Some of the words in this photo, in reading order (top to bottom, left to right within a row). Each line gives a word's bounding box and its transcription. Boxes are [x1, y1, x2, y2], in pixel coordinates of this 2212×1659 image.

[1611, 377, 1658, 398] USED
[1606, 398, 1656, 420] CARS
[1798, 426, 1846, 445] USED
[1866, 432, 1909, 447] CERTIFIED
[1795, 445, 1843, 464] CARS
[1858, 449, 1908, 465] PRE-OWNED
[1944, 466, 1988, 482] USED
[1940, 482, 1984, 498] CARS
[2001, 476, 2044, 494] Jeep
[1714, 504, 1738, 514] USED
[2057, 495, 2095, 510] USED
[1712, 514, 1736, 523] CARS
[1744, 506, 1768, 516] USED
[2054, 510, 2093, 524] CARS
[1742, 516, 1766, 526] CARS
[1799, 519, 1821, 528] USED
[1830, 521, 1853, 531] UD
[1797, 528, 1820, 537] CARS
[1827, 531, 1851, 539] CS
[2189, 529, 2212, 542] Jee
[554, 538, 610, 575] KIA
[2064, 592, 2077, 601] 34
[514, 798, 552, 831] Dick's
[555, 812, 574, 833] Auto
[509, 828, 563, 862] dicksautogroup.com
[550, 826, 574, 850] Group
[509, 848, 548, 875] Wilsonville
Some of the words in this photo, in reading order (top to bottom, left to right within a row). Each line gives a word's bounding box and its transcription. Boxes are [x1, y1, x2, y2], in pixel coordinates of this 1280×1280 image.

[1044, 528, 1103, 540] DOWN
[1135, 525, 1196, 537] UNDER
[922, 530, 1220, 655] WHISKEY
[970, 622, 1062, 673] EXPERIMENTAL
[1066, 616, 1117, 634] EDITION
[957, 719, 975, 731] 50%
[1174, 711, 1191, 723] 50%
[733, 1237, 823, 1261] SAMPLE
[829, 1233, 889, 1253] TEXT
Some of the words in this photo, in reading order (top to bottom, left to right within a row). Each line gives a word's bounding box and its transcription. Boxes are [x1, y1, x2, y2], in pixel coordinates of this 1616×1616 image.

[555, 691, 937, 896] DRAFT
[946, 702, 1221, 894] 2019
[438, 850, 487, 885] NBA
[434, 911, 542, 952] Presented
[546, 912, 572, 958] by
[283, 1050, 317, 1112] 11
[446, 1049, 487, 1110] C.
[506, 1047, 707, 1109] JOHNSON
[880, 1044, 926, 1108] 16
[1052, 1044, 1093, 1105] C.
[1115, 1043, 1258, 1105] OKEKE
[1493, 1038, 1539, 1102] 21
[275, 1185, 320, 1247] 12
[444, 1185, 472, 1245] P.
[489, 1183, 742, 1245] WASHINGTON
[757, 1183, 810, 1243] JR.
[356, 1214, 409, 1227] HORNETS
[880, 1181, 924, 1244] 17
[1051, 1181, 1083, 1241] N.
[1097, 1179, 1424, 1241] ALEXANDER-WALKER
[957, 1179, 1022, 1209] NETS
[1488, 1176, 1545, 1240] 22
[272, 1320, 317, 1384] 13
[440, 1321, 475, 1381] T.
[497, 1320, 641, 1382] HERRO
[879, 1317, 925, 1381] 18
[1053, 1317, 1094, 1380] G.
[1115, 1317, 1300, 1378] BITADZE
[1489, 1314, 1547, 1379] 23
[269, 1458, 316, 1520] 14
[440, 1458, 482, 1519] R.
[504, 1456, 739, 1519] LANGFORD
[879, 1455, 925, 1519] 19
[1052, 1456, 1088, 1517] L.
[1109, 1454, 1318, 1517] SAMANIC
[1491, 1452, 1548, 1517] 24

> [WORK INSTRUCTION] Write the records out once more, exactly as shown.

> [EXERCISE ANSWER]
Some of the words in this photo, in reading order (top to bottom, left to right within a row). Each line gives a word's bounding box and its transcription. Boxes are [x1, y1, x2, y2], in pixel coordinates of this 2212×1659 image.

[1611, 377, 1658, 398] USED
[1606, 398, 1656, 420] CARS
[1798, 426, 1846, 445] USED
[1866, 432, 1909, 447] CERTIFIED
[1795, 445, 1843, 464] CARS
[1858, 449, 1908, 465] PRE-OWNED
[1944, 466, 1988, 482] USED
[1940, 482, 1984, 498] CARS
[2001, 476, 2044, 494] Jeep
[1714, 504, 1738, 514] USED
[2057, 495, 2095, 510] USED
[1712, 514, 1736, 523] CARS
[1744, 506, 1768, 516] USED
[2054, 510, 2093, 524] CARS
[1742, 516, 1766, 526] CARS
[1799, 519, 1821, 528] USED
[1830, 521, 1853, 531] UD
[1797, 528, 1820, 537] CARS
[1827, 531, 1851, 539] CS
[2189, 529, 2212, 542] Jee
[554, 538, 610, 575] KIA
[2064, 592, 2077, 601] 34
[514, 798, 552, 831] Dick's
[555, 812, 574, 833] Auto
[509, 828, 563, 862] dicksautogroup.com
[550, 826, 574, 850] Group
[509, 848, 548, 875] Wilsonville
Some of the words in this photo, in reading order (top to bottom, left to right within a row). Each line gives a word's bounding box and its transcription. Boxes are [x1, y1, x2, y2], in pixel coordinates of this 1280×1280 image.

[1044, 528, 1103, 540] DOWN
[1135, 525, 1196, 537] UNDER
[922, 530, 1220, 655] WHISKEY
[970, 622, 1062, 673] EXPERIMENTAL
[1066, 616, 1117, 634] EDITION
[957, 719, 975, 731] 50%
[1174, 711, 1191, 723] 50%
[733, 1237, 823, 1261] SAMPLE
[829, 1233, 889, 1253] TEXT
Some of the words in this photo, in reading order (top to bottom, left to right within a row). Each line gives a word's bounding box and its transcription. Boxes are [x1, y1, x2, y2], in pixel coordinates of this 1616×1616 image.

[555, 691, 937, 896] DRAFT
[946, 702, 1221, 894] 2019
[438, 850, 487, 885] NBA
[434, 911, 542, 952] Presented
[546, 912, 572, 958] by
[283, 1050, 317, 1112] 11
[446, 1049, 487, 1110] C.
[506, 1047, 707, 1109] JOHNSON
[880, 1044, 926, 1108] 16
[1052, 1044, 1093, 1105] C.
[1115, 1043, 1258, 1105] OKEKE
[1493, 1038, 1539, 1102] 21
[275, 1185, 320, 1247] 12
[444, 1185, 472, 1245] P.
[489, 1183, 742, 1245] WASHINGTON
[757, 1183, 810, 1243] JR.
[356, 1214, 409, 1227] HORNETS
[880, 1181, 924, 1244] 17
[1051, 1181, 1083, 1241] N.
[1097, 1179, 1424, 1241] ALEXANDER-WALKER
[957, 1179, 1022, 1209] NETS
[1488, 1176, 1545, 1240] 22
[272, 1320, 317, 1384] 13
[440, 1321, 475, 1381] T.
[497, 1320, 641, 1382] HERRO
[879, 1317, 925, 1381] 18
[1053, 1317, 1094, 1380] G.
[1115, 1317, 1300, 1378] BITADZE
[1489, 1314, 1547, 1379] 23
[269, 1458, 316, 1520] 14
[440, 1458, 482, 1519] R.
[504, 1456, 739, 1519] LANGFORD
[879, 1455, 925, 1519] 19
[1052, 1456, 1088, 1517] L.
[1109, 1454, 1318, 1517] SAMANIC
[1491, 1452, 1548, 1517] 24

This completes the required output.